悔しいのか悲しいのかすら分からないまま、ロイは最初は自分がエドワードを騙していたことも忘れて、感情のままに叫んでいた。
「まぁ、すこし落ち着きなさい、ロイ」
背後からかかった制止の声に、感情を高ぶらせていたロイがハッと我に返る。
「エドワードは、君を騙してなどいないよ」
振り返ったロイに言い聞かせるように、ブラッドレイはゆっくりと告げる。
「・・・・・・・どういうことです?」
「・・・まぁ、取り敢えずその手を離してやりなさい」
ブラッドレイの言葉にロイが腕の中を見てみれば、ぐったりと伸びているエドワードの姿がある。
黙ってロイがエドワードを解放してやれば、エドワードは数歩よろけて立ち止まった。
「くぅ〜〜〜〜今のシェイクは効いたぜ・・・・・」
されるがままになっていたエドワードも、さすがにアレだけ振り回されれば堪えるものがあるのか、クラクラする視界を振り払うかのように頭を振る。
「ヴァン・ホーエンハイムはね、彼の・・・エドワードの父親の名だ」
「父親の名?」
「そ、今はどこにいるか知らねーけど」
おうむ返しに問いかけるロイの背後で、エドワードが補足する。
「俺の親父とブラッドレイは古くからの知り合いなんだ。だから、行方知れずのホーエンハイムの名を出せば、ブラッドレイにだけはロートのヘッドが誰なのか正確に伝わるってわけ。

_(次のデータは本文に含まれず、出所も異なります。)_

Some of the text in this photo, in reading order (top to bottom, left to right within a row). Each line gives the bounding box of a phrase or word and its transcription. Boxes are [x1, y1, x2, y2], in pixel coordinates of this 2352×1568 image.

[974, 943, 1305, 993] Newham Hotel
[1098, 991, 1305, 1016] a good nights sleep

今ではホーエンハイムの名を知ってるヤツなんて限られてるからな」
「ロートのヘッドという立場上、誰に聞かれるとも分からないからエドワードは、その名に真実を隠したというわけだ。一応、ヴァン・ホーエンハイムと名乗っておけば、他の誰かに聞かれたとしても、エドワードがロートを守るため嘘の情報を流したと映るだろうからね」」
「ま、結局俺が自ら名乗るまでもなく、とっくにあんたにはばれちゃってたみたいだけど」
肩をすくめるエドワードに、ブラッドレイは小さく笑う。
「当たり前だ。俄仕立ての君の組織と私の情報網を一緒にしないでもらおう」
「ただ、ロイがその名を報告しないなんて、思わなくてさ。余分に悩ませちゃってごめんな」
「・・・・・・・・・・・・・・」
ロイは返す言葉もなく、ただブラッドレイとエドワードを交互に見つめていた。
「それで、エドワード。君は先ほど『俺のモン』を取りに来たと言ったね?この組織の中で、君の物など私は預かった覚えはないのだが?」
今までのにこやかになされた会話など無かったかのように、真顔になったブラッドレイに、ロイは小さく息を呑む。
あふれ出すブラッドレイの殺気に、まるで部屋の温度が下がったかのような寒気を感じる。
鋭い視線はそれだけで相手を射殺せるのではないかという強さで持って、エドワードを見つめる。
しかし、その視線も殺気も真っ向から受け止めて、エドワードは言い放った。